University of Texas astronomers seek help identifying galaxies
University of Texas astronomers on a massive galaxy-mapping mission want your intergalactic help.
The beautifully big picture: A research project known as HETDEX, or the Hobby-Eberly Telescope Dark Energy Experiment relies on volunteers to comb through images to identify galaxies.
Why it matters: Professional astronomers are trying to learn more about the mysterious force known as dark energy, which is causing the universe to rapidly expand — but they need a huge sample of distant galaxies to observe dark energy at work.
By the numbers: Since launching in February 2021, more than 10,000 volunteers, known as Dark Energy Explorers, have identified approximately 240,000 galaxies.

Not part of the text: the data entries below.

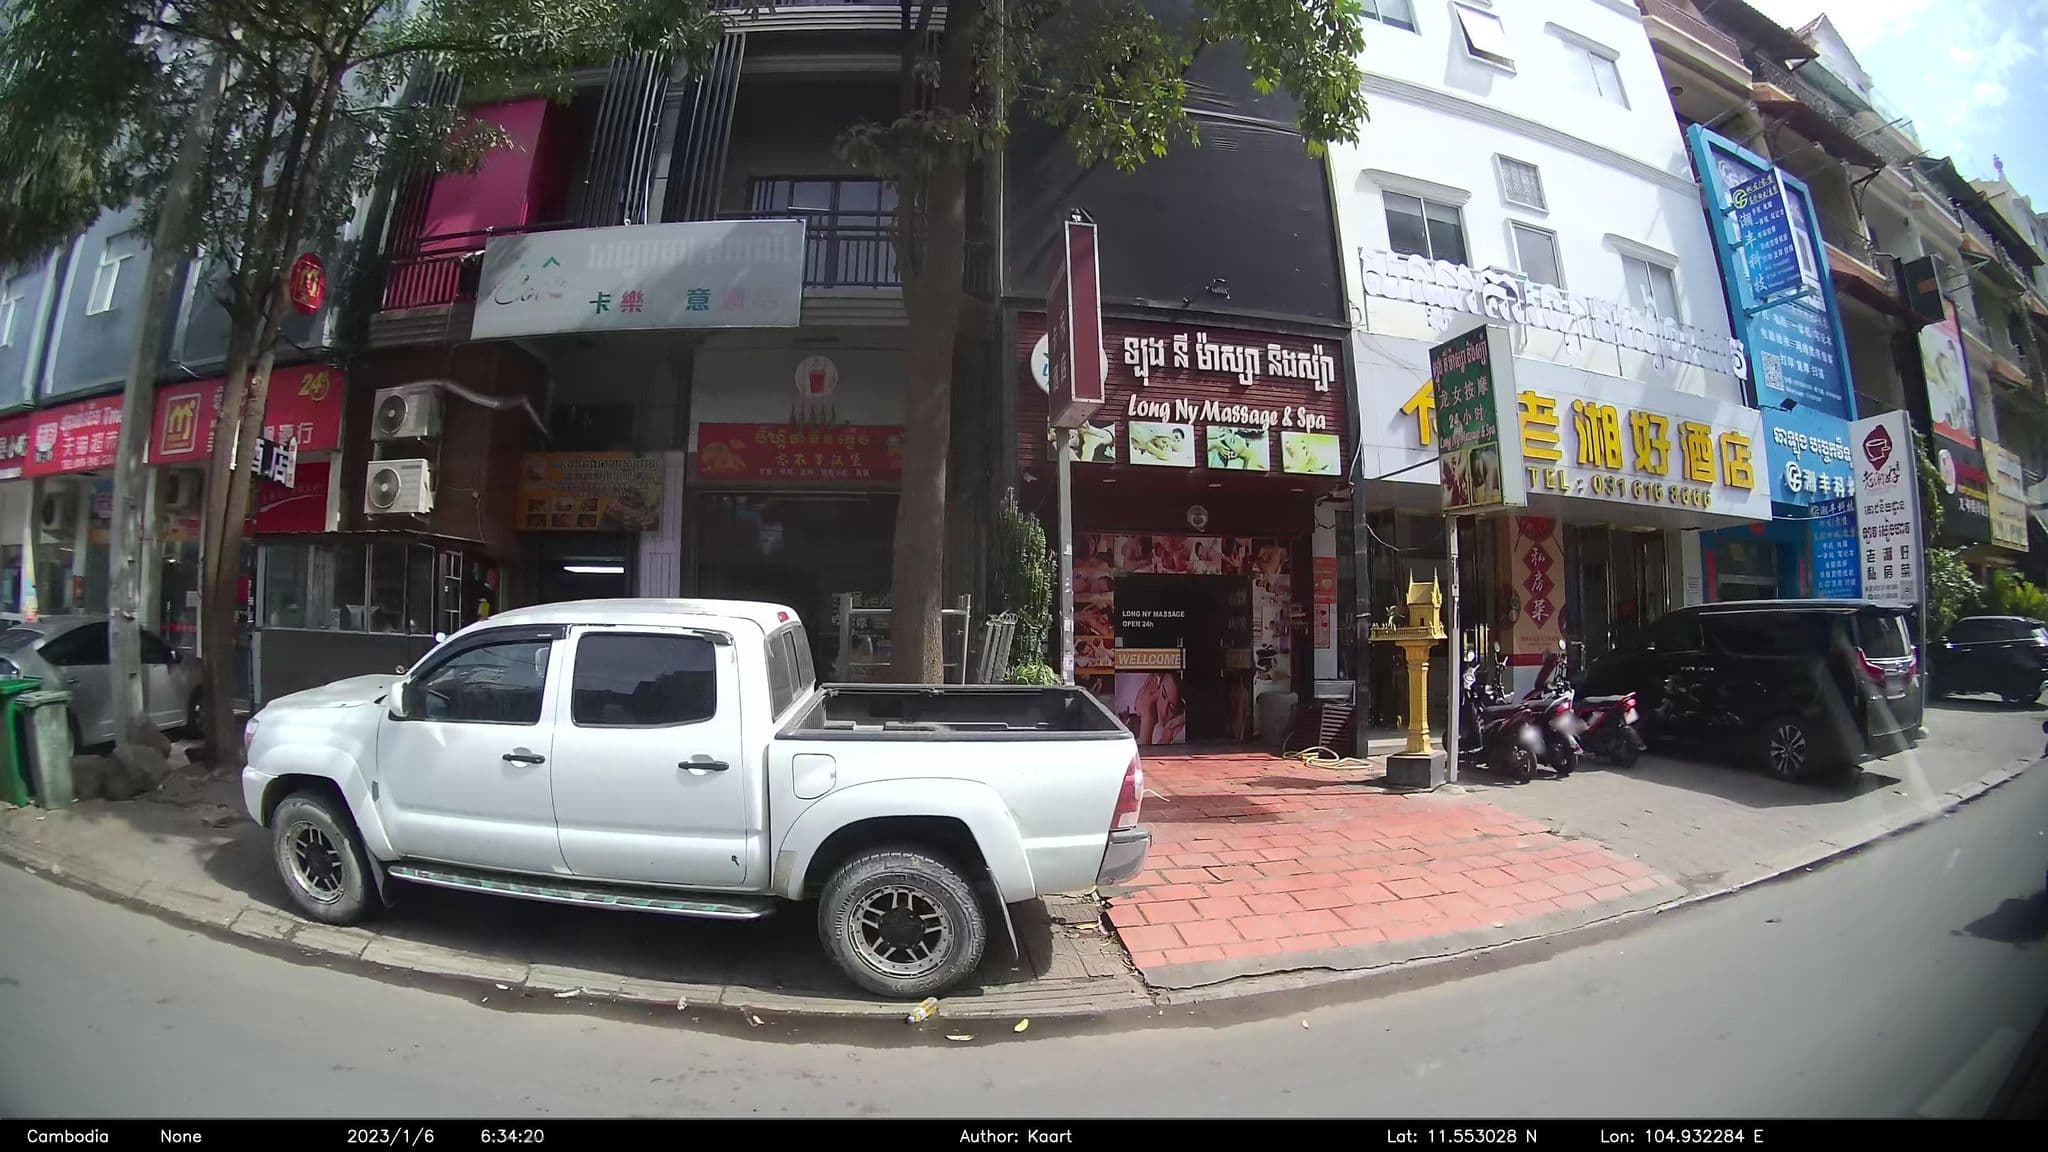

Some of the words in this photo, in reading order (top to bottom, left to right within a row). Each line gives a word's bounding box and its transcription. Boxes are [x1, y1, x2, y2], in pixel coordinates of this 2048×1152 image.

[1128, 394, 1170, 424] Long
[1175, 397, 1199, 426] Ny
[1200, 400, 1279, 431] Massage
[1281, 406, 1294, 427] &
[1296, 407, 1327, 434] Spa
[1527, 466, 1570, 491] TEL
[1531, 547, 1549, 621] 私房菜
[1122, 610, 1141, 618] LONG
[1142, 610, 1152, 618] NY
[1153, 610, 1185, 618] MASSAGE
[1122, 620, 1141, 628] OPEN
[1118, 653, 1182, 666] WELLCOME

- All those galaxies are packed into a patch of sky that includes most of the Big Dipper.
Yes, but: Scientists say there are a lot more galaxies in that bit of sky — like 10 times as many.

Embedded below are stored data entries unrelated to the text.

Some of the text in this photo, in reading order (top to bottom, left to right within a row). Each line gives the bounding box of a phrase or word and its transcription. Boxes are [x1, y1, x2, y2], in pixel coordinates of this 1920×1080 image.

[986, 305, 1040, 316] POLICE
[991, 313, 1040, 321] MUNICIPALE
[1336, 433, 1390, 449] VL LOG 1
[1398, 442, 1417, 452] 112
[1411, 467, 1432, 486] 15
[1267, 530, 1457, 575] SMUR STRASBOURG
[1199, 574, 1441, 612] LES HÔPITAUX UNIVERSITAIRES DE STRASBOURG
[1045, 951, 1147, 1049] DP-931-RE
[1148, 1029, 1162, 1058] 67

How it works: On a smartphone or computer, volunteers look at astronomical images and decide whether the objects they see are galaxies.
What they're saying: "We've tried writing computer code to do this and even used machine learning, but we found the human eye is significantly superior," Karl Gebhardt, a UT astronomy professor, said. "We were skeptical at first, but we were blown away by the accuracy."
What's next: The aim is to build the largest 3D map of the cosmos, focused on galaxies in the early universe to help reveal clues about dark energy.